A avaliação genética é inicialmente clínica, quando os dados dos pacientes e de seus familiares são coletados. A confirmação da hereditariedade deve ser feita por meio dos testes genéticos, que são testes feitos através da análise do DNA de células sanguíneas ou da saliva e que permitem identificar as alterações na sequência dos segmentos de DNA estudados. Como diversos genes podem estar relacionados ao câncer de pele hereditário, na maior parte das vezes a avaliação genética inclui um painel genético, isto é, um teste para estudo de vários genes que podem aumentar a predisposição ao câncer hereditário.

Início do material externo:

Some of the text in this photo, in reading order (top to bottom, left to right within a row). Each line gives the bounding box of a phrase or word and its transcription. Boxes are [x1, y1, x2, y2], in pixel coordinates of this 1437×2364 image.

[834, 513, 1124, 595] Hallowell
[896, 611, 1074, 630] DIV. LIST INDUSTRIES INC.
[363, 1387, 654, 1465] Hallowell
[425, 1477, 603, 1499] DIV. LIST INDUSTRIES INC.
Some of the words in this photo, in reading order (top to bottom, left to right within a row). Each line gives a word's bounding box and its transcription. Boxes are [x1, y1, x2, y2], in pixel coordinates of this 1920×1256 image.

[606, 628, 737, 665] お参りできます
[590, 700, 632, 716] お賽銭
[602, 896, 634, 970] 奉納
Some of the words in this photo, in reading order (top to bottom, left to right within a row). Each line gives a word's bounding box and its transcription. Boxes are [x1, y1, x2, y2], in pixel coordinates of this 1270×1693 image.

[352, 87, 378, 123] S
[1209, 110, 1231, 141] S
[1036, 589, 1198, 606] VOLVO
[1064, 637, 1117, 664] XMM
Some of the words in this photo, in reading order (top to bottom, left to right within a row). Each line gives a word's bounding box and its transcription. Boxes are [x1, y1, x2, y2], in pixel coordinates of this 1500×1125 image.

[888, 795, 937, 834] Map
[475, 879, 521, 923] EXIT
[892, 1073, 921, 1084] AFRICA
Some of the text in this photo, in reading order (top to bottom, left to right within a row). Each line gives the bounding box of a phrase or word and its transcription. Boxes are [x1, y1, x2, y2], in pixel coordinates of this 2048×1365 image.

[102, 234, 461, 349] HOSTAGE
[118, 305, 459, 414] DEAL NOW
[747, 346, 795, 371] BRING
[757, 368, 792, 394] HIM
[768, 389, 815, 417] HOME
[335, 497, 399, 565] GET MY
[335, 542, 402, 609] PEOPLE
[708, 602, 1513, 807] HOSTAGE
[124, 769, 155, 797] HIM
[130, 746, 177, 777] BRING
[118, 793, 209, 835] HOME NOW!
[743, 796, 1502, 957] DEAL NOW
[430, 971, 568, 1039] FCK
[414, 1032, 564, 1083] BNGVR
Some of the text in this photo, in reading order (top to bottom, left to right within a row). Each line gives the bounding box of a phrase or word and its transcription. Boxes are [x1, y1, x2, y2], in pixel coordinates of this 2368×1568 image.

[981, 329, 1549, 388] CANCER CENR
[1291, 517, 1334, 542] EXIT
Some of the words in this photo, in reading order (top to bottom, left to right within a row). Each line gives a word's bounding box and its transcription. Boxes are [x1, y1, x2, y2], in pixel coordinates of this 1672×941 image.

A avaliação genética é indicada caso você ou um membro da sua família tenham o diagnóstico de melanoma e mais uma destas características abaixo se aplique à sua família:

  1. História pessoal e familiar de melanoma;
  2. Indivíduos com mais de um melanoma;
  3. História pessoal ou familiar de melanoma e outros cânceres em membros da família, incluindo:
  • Câncer de pâncreas
  • Câncer de cabeça e pescoço
  • Câncer de mama
  • Câncer do ovário
  • Câncer de rim

No resultado do painel molecular, muitas vezes é possível encontrar a causa da hereditariedade do câncer de pele. Nestes casos, é identificado qual é o gene alterado e em qual posição no gene a mutação ocorreu. Assim, torna-se possível testar os familiares para a alteração encontrada e identificar se tem mais algum familiar sob risco. Além disso, é possível definir se o paciente tem risco de outros tipos de câncer. Com isso, será possível saber como a pessoa deverá fazer o seu acompanhamento e rastreamento, isto é, seu checkup, assim como os seus familiares. Nos últimos anos, os testes genéticos com realização de painéis amplos de investigação de alterações na sequência do DNA em genes associados à predisposição de câncer foram incorporados na prática clínica. Isso ajudou a integrar ainda mais o oncogeneticista no cenário da multidisciplinaridade do tratamento oncológico. Além disso, os testes genéticos tornaram-se disponíveis comercialmente, com valores mais acessíveis, inclusive com cobertura por muitas seguradoras mediante critérios pré-estabelecidos. Vão aí algumas dicas para acender uma luz de alerta quanto à possibilidade de aumento do risco de câncer de padrão hereditário:

No indivíduo

  • Múltiplos tumores primários no mesmo órgão
  • Múltiplos tumores primários em diferentes órgãos
  • Tumores primários bilaterais em órgãos pareados (por exemplo, câncer de mama bilateral)
  • Tumores multifocais dentro de um único órgão (por exemplo, múltiplos tumores na mesma mama)
  • Diagnóstico em idade jovem (mais jovem do que o habitual para cada tipo de tumor)
  • Tumores raros
  • Tumores que ocorrem no gênero comumente não afetado (por exemplo, câncer de mama em homens)
  • Tumores associados a outras características genéticas e/ou alterações congênitas
  • Tumores associados a lesões cutâneas sabidamente relacionadas com susceptibilidade ao câncer (por exemplo, manchas “café-com-leite”)

Na família

  • Um parente de 1º grau com o mesmo tumor ou com tumor com predisposição associada (por exemplo, mama e ovário)
  • Dois ou mais parentes de 1º grau com tumores do mesmo órgão (por exemplo, 2 irmãos com câncer de intestino grosso)
  • Dois ou mais parentes de 1º grau com tumores pertencentes a uma síndrome de câncer familiar
  • Dois ou mais parentes de 1º grau com tumores raros
  • Três ou mais parentes em duas gerações com tumores do mesmo local ou sítios relacionados
  • Casos de tumor em idade jovem entre os membros da família
  • Casos de tumor em mais de uma geração da família

Se você perceber alguma dessas características, não deixe de procurar orientação em um centro especializado. O diagnóstico de alterações genéticas associadas ao aumento do risco de câncer, incluindo o câncer de pele, podem ajudar você e sua família a tomarem medidas de prevenção e adequação da rotina de exames de checkup de acordo com o risco de cada condição, personalizando sua orientação.